Exercise objective ->
The answer should be one number only, namely how many lines of the records hold the word "have".
Top of Source data
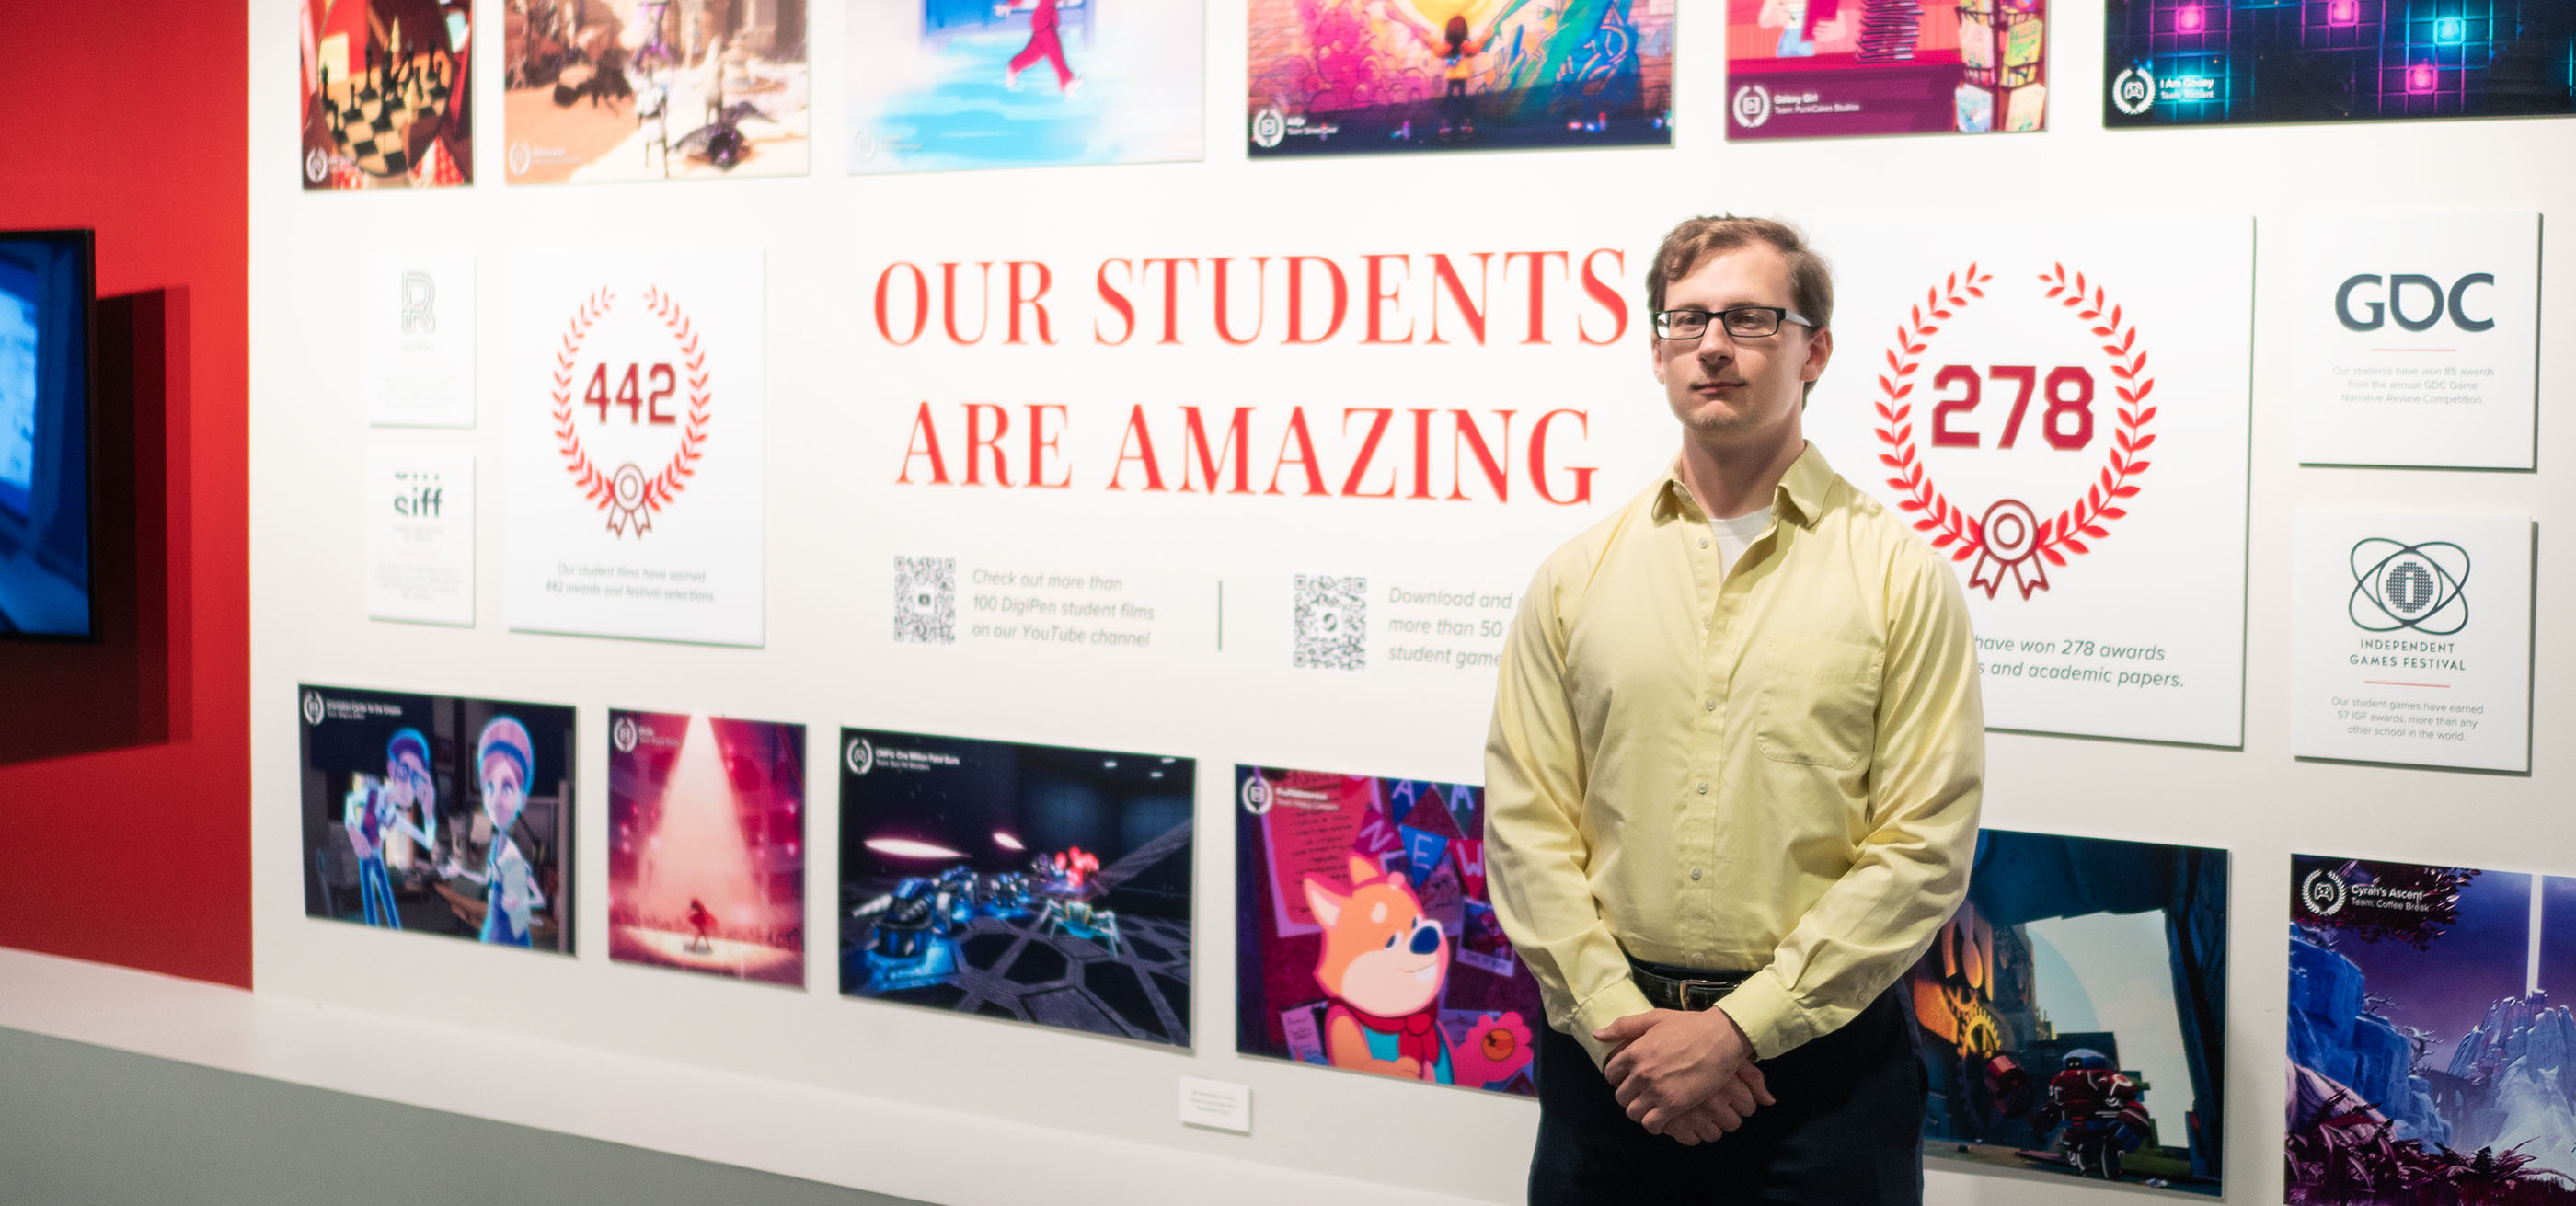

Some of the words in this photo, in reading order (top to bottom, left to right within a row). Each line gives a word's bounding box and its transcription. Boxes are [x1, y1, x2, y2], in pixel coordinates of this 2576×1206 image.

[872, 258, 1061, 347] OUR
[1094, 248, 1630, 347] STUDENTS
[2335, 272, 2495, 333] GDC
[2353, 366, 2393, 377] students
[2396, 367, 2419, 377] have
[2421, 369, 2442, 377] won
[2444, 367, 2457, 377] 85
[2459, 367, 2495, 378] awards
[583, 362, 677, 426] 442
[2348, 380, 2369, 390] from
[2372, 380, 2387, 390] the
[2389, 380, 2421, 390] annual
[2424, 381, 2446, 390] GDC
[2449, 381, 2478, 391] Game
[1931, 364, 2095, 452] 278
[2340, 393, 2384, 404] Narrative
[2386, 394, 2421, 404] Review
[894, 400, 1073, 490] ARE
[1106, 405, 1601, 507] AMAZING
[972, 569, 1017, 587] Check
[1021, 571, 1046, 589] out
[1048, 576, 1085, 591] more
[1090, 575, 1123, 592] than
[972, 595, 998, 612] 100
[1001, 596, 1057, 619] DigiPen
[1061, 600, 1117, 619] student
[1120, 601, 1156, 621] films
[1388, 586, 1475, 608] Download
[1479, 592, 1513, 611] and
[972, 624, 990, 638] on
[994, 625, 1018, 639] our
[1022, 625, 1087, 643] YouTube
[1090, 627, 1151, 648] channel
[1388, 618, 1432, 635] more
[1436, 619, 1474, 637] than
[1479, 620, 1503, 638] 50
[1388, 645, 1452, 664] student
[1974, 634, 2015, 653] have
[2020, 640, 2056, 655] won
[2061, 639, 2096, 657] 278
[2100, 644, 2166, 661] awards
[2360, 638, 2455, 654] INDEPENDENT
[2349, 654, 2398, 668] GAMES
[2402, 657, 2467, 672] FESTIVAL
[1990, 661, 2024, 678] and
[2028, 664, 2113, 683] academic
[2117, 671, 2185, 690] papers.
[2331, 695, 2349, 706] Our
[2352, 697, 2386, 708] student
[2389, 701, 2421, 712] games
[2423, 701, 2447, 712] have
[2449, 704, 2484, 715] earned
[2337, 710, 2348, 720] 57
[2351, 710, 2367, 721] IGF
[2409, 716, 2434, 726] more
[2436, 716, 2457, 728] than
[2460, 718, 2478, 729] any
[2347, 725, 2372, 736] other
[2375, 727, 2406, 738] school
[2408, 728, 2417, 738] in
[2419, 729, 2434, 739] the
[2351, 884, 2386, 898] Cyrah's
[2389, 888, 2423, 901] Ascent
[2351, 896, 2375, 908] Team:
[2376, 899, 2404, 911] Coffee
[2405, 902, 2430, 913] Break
Bottom of Source data
Solved exercise ->
3